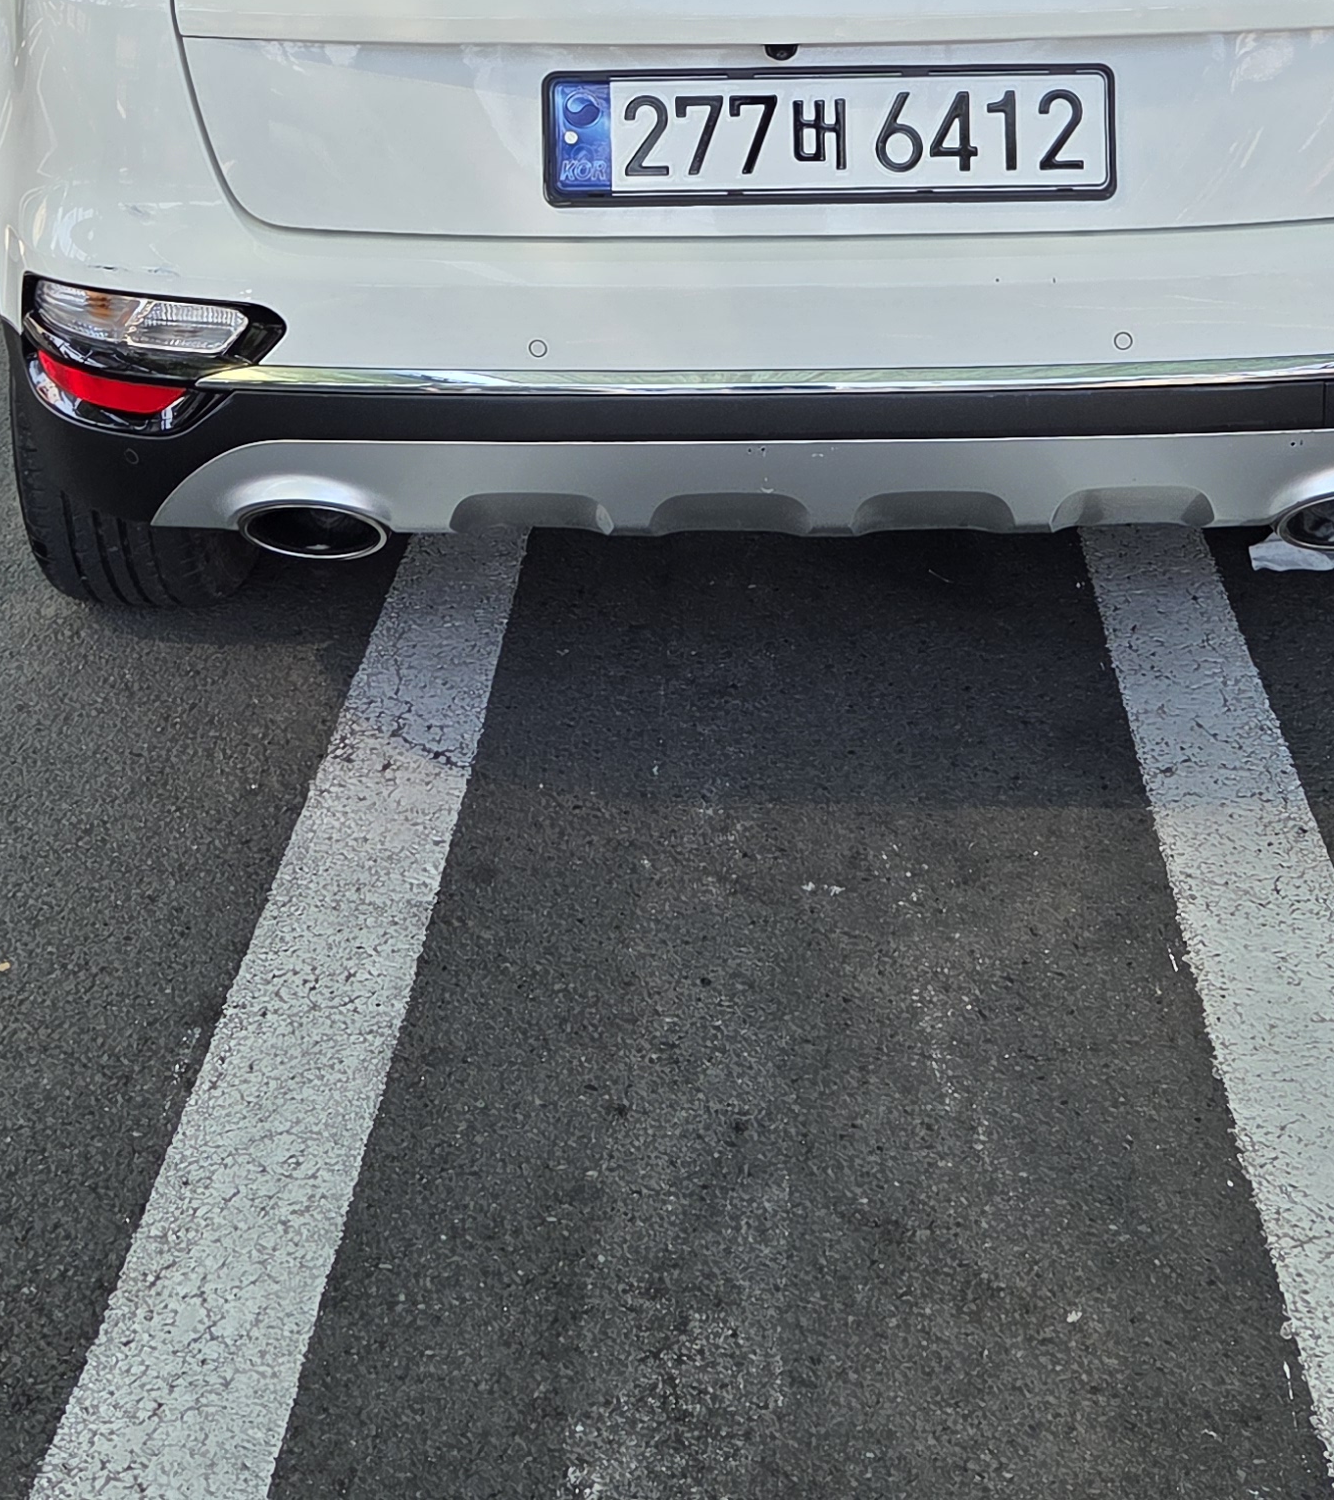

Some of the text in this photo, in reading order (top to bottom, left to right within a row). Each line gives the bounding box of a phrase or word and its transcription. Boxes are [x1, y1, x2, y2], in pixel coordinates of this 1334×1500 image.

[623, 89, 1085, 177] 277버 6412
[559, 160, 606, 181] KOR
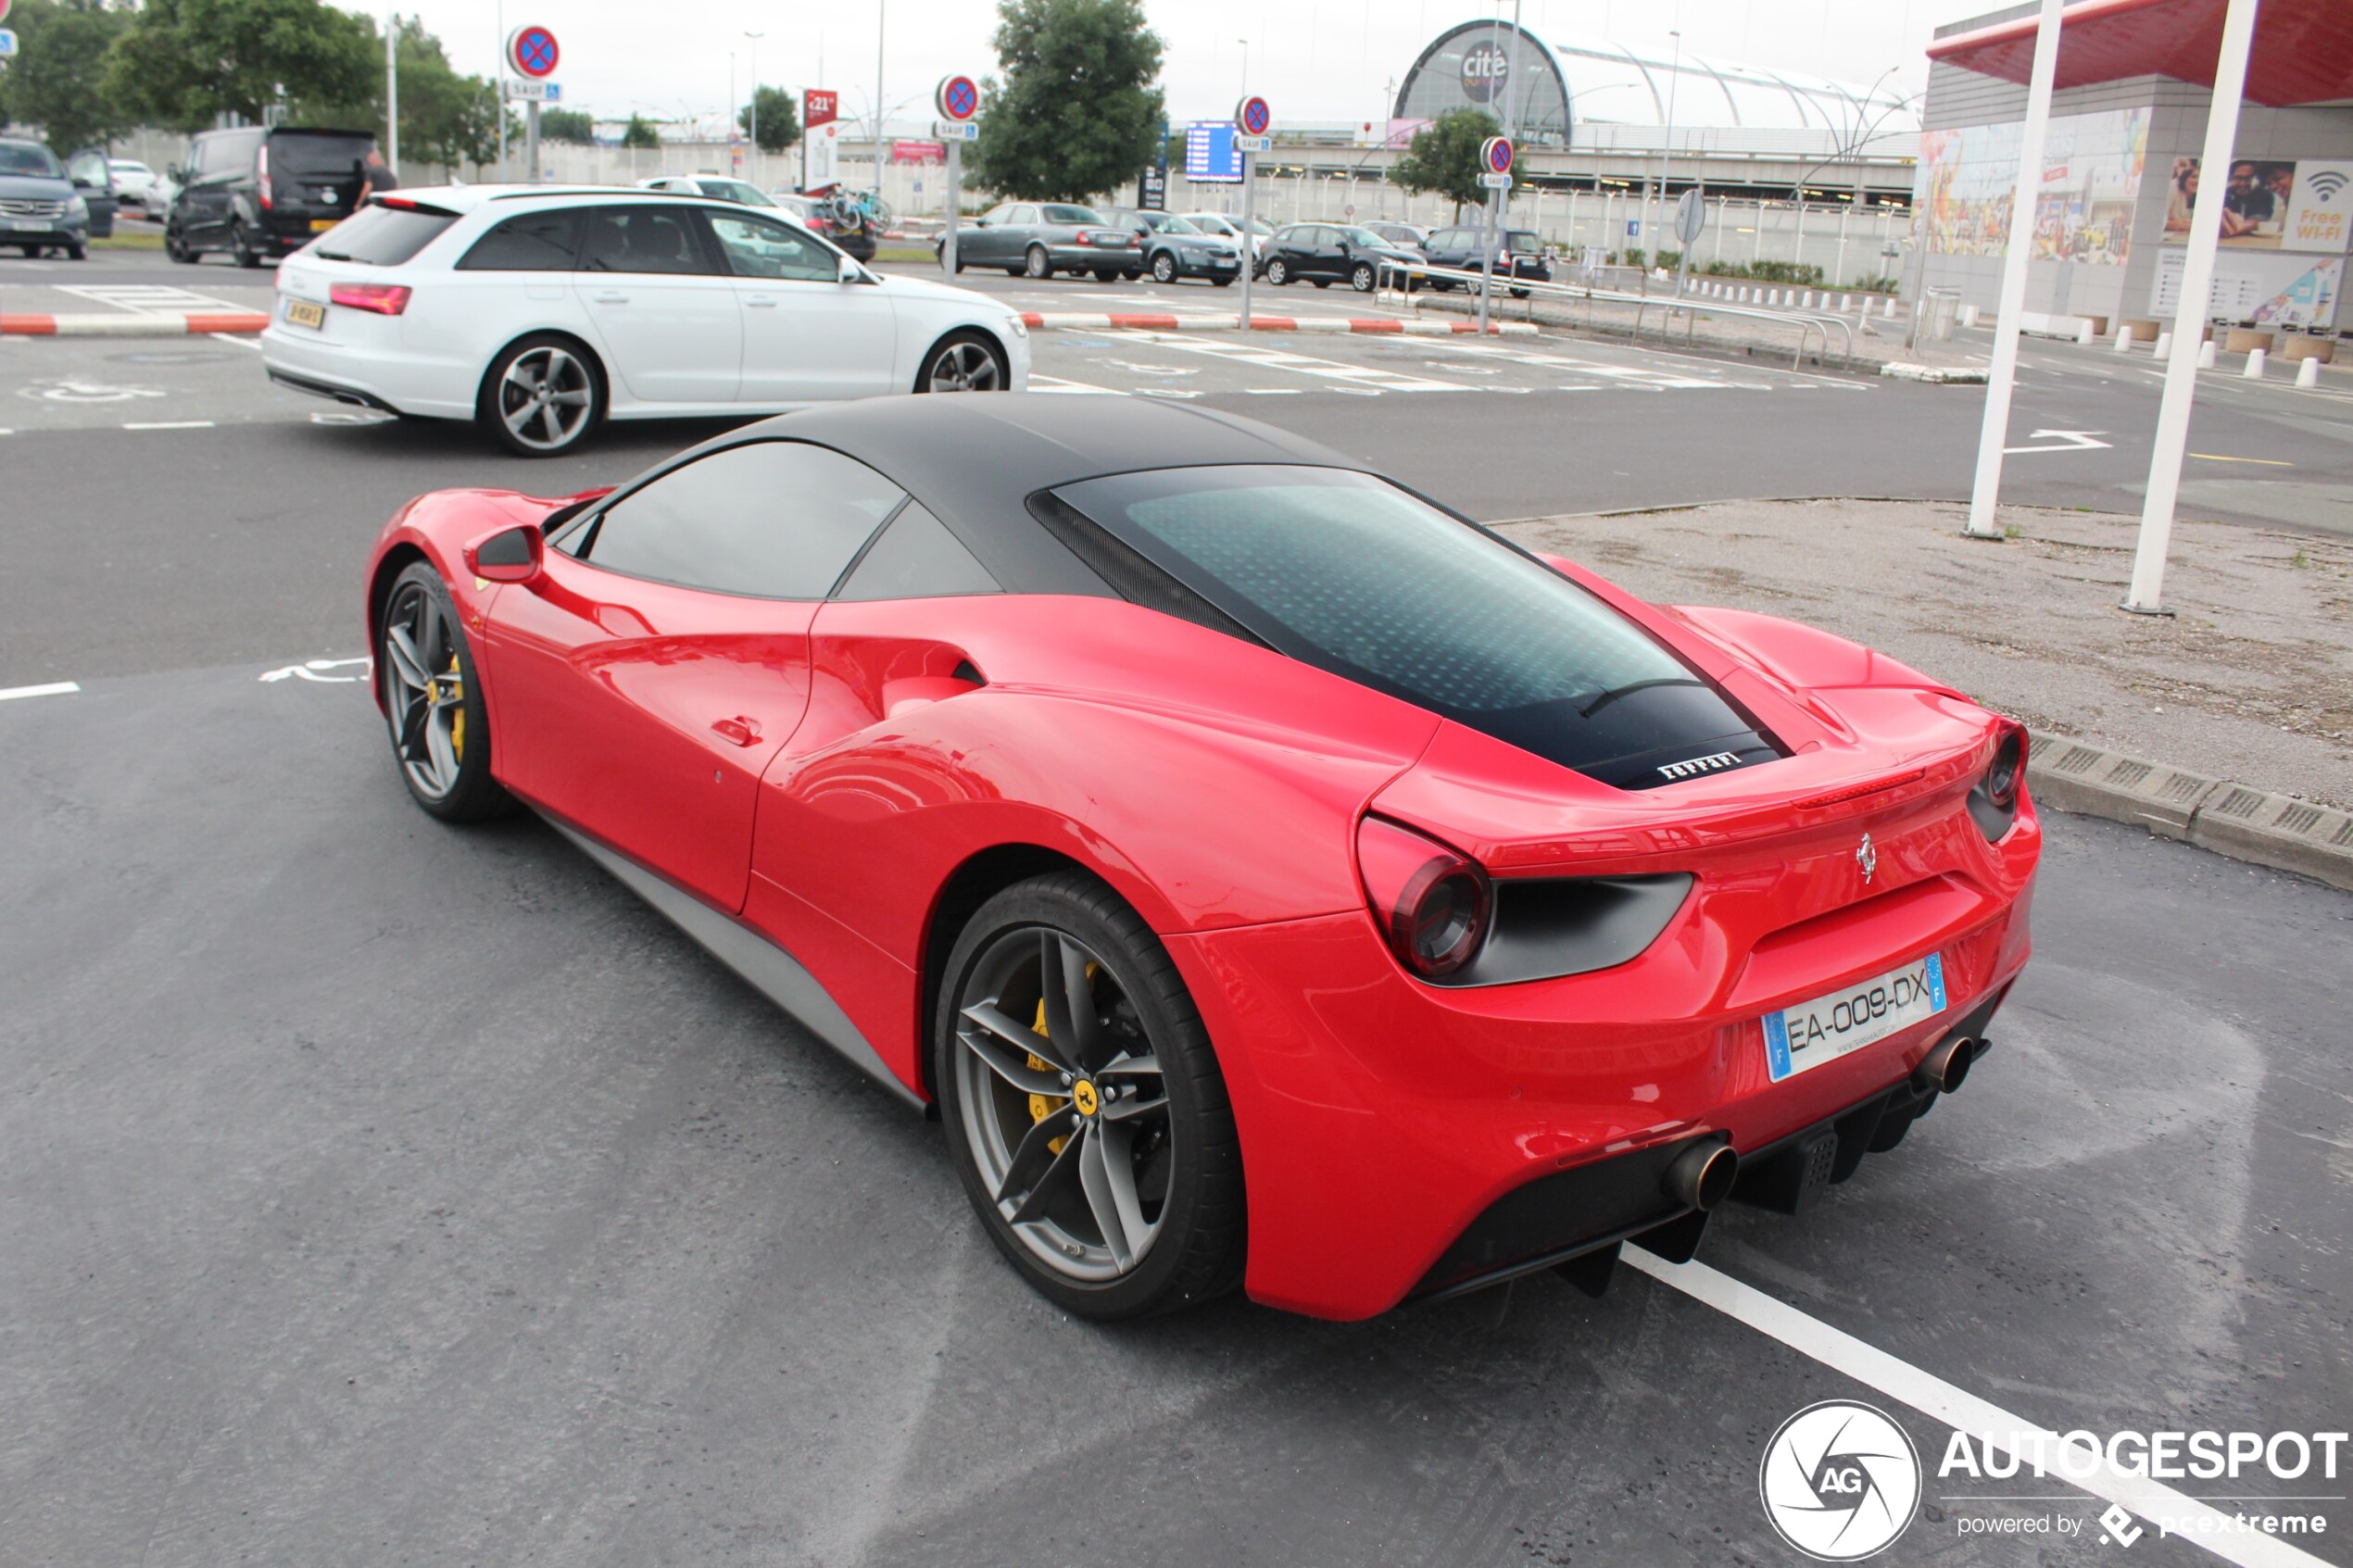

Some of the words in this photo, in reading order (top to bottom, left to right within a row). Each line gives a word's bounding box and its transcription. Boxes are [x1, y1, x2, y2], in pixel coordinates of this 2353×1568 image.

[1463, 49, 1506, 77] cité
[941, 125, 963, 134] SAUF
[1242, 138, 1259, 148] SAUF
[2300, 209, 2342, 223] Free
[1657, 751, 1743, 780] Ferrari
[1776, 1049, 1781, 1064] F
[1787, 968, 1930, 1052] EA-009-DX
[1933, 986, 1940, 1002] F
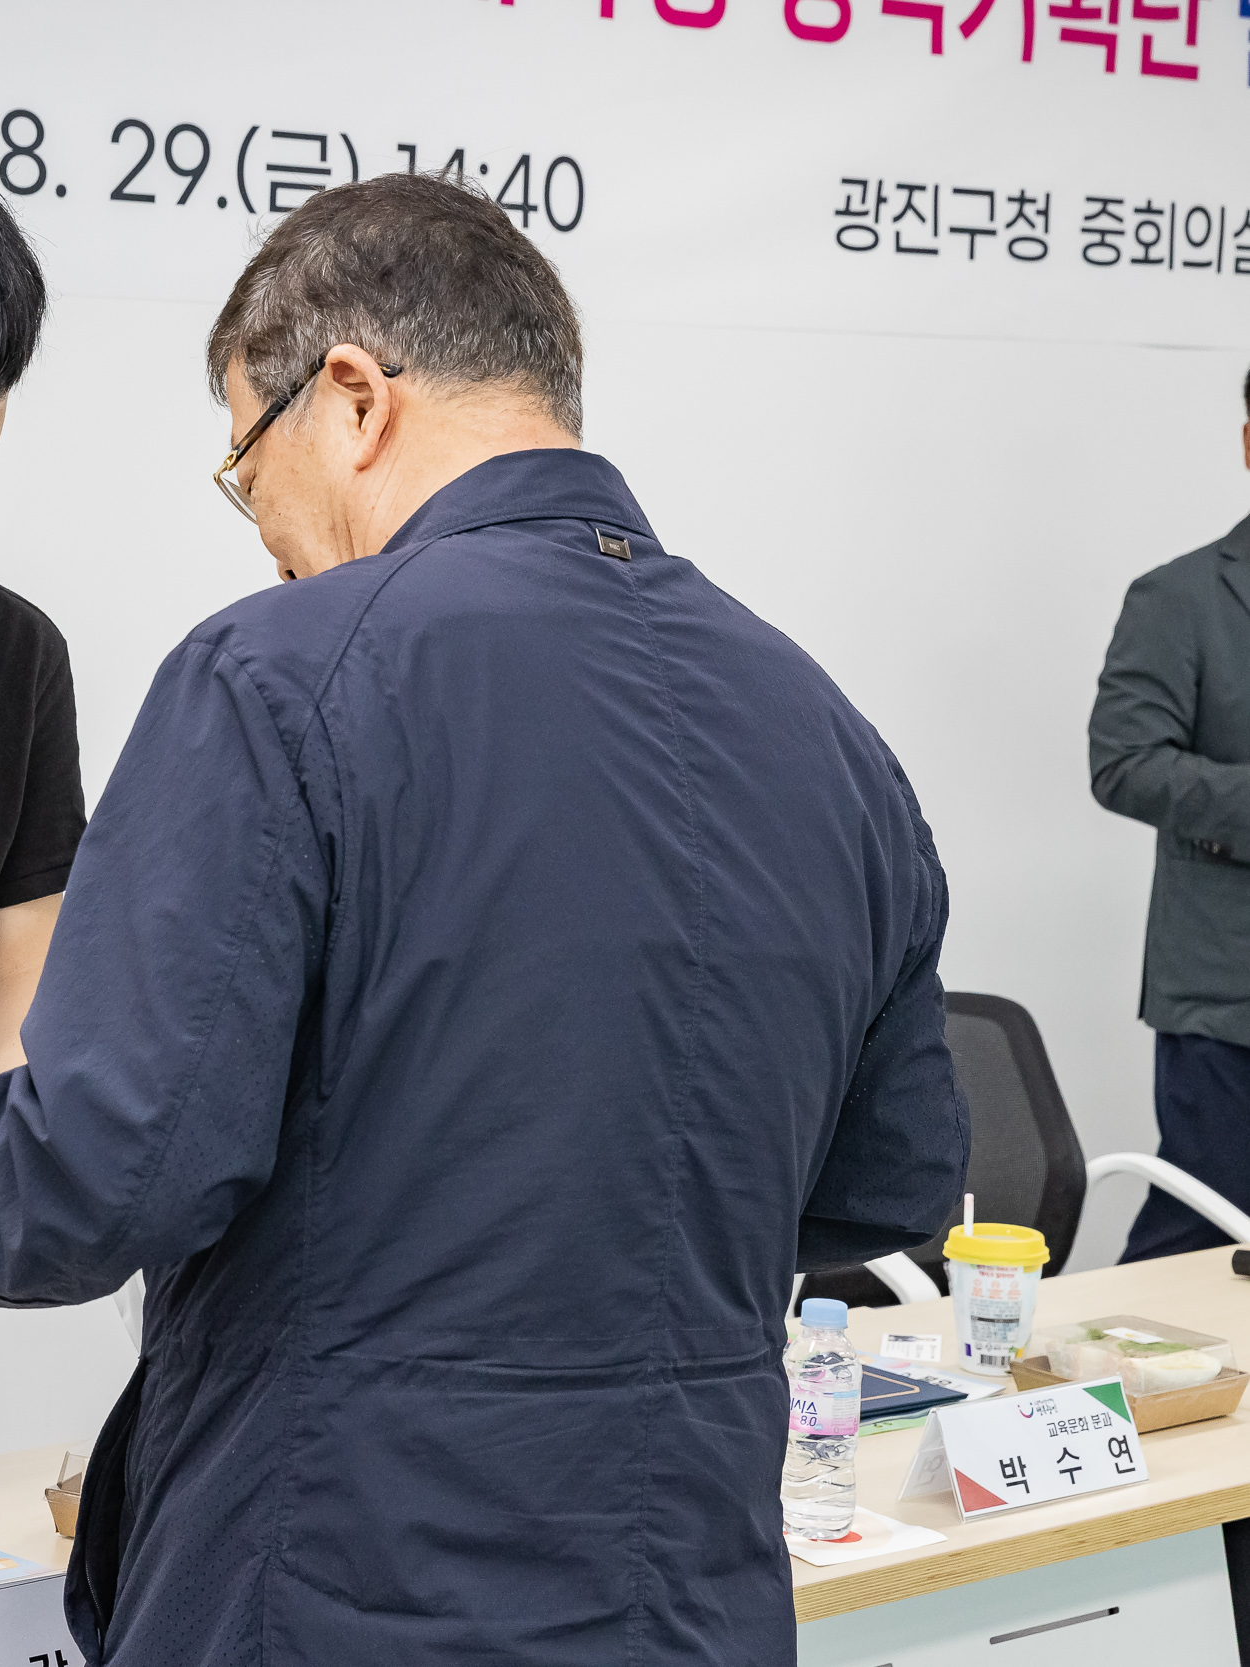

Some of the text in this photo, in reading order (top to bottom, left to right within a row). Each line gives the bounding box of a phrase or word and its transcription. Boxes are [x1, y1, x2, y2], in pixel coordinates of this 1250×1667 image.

========================================

• _Goal of the exercise_
Give back every record above word for word; the pictures have no place in it.

• _Output below_
Some of the text in this photo, in reading order (top to bottom, left to right within a row). Each line gives the bounding box of a phrase or word and its transcription. Boxes are [x1, y1, x2, y2], in pixel coordinates of this 1334×1500 image.

[623, 89, 1085, 177] 277버 6412
[559, 160, 606, 181] KOR

Some of the words in this photo, in reading order (top to bottom, left to right within a row). Each line gives a word's bounding box and its transcription. Boxes are [x1, y1, x2, y2], in pixel coordinates of this 2353×1568 image.

[1463, 49, 1506, 77] cité
[941, 125, 963, 134] SAUF
[1242, 138, 1259, 148] SAUF
[2300, 209, 2342, 223] Free
[1657, 751, 1743, 780] Ferrari
[1776, 1049, 1781, 1064] F
[1787, 968, 1930, 1052] EA-009-DX
[1933, 986, 1940, 1002] F

Some of the text in this photo, in reading order (top to bottom, left to right within a row). Each line gives the bounding box of a phrase or word and its transcription. Boxes are [x1, y1, x2, y2], in pixel coordinates of this 1250×1667 image.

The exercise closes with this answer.